A heap provides fast insertions and removals while keeping order.
Approach
Push candidates into the heap as you scan, and pop when you need the best element.
Keep the heap size bounded if the problem requires a top-k structure.
Steps:
- Push candidates into a heap.
- Pop the best candidate when needed.
- Maintain heap size or invariants.
Example
Input: n = 5, highways = [[0,1,4],[2,1,3],[1,4,11],[3,2,3],[3,4,2]], discounts = 1
Output: 9
Explanation:
Go from 0 to 1 for a cost of 4.
Go from 1 to 4 and use a discount for a cost of 11 / 2 = 5.

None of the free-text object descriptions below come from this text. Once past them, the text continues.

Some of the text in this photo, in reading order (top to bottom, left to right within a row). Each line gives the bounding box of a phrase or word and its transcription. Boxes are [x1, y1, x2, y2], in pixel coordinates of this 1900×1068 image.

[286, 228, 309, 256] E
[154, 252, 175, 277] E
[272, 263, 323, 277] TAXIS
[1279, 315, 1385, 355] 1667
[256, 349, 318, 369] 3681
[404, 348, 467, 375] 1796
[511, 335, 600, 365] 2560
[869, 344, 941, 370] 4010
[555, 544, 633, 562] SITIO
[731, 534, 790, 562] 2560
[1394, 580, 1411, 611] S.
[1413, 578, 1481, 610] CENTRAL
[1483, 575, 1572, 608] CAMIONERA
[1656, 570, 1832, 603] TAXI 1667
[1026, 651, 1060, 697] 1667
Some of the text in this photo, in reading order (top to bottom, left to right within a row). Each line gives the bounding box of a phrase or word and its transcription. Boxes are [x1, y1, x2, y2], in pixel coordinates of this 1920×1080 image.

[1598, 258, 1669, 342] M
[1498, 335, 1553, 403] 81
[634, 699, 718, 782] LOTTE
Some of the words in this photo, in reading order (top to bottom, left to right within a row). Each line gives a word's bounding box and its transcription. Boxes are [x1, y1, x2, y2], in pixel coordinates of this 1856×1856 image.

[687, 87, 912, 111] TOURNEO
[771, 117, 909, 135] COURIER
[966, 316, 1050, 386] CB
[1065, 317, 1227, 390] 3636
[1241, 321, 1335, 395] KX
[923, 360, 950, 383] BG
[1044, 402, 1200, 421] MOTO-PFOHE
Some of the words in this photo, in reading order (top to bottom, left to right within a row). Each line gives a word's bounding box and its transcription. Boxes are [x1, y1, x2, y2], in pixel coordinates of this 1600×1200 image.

The minimum cost to go from 0 to 4 is 4 + 5 = 9.
Python Solution
class Solution:
def minimumCost(self, n: int, highways: List[List[int]], discounts: int) -> int:
g = defaultdict(list)
for a, b, c in highways:
g[a].append((b, c))
g[b].append((a, c))
q = [(0, 0, 0)]
dist = [[inf] * (discounts + 1) for _ in range(n)]
while q:
cost, i, k = heappop(q)
if k > discounts:
continue
if i == n - 1:
return cost
if dist[i][k] > cost:
dist[i][k] = cost
for j, v in g[i]:
heappush(q, (cost + v, j, k))
heappush(q, (cost + v // 2, j, k + 1))
return -1
Complexity
The time complexity is O(n log n). The space complexity is O(n).
Edge Cases and Pitfalls
Watch for boundary values, empty inputs, and duplicate values where applicable. If the problem involves ordering or constraints, confirm the invariant is preserved at every step.
Summary
This Python solution focuses on the essential structure of the problem and keeps the implementation interview-friendly while meeting the constraints.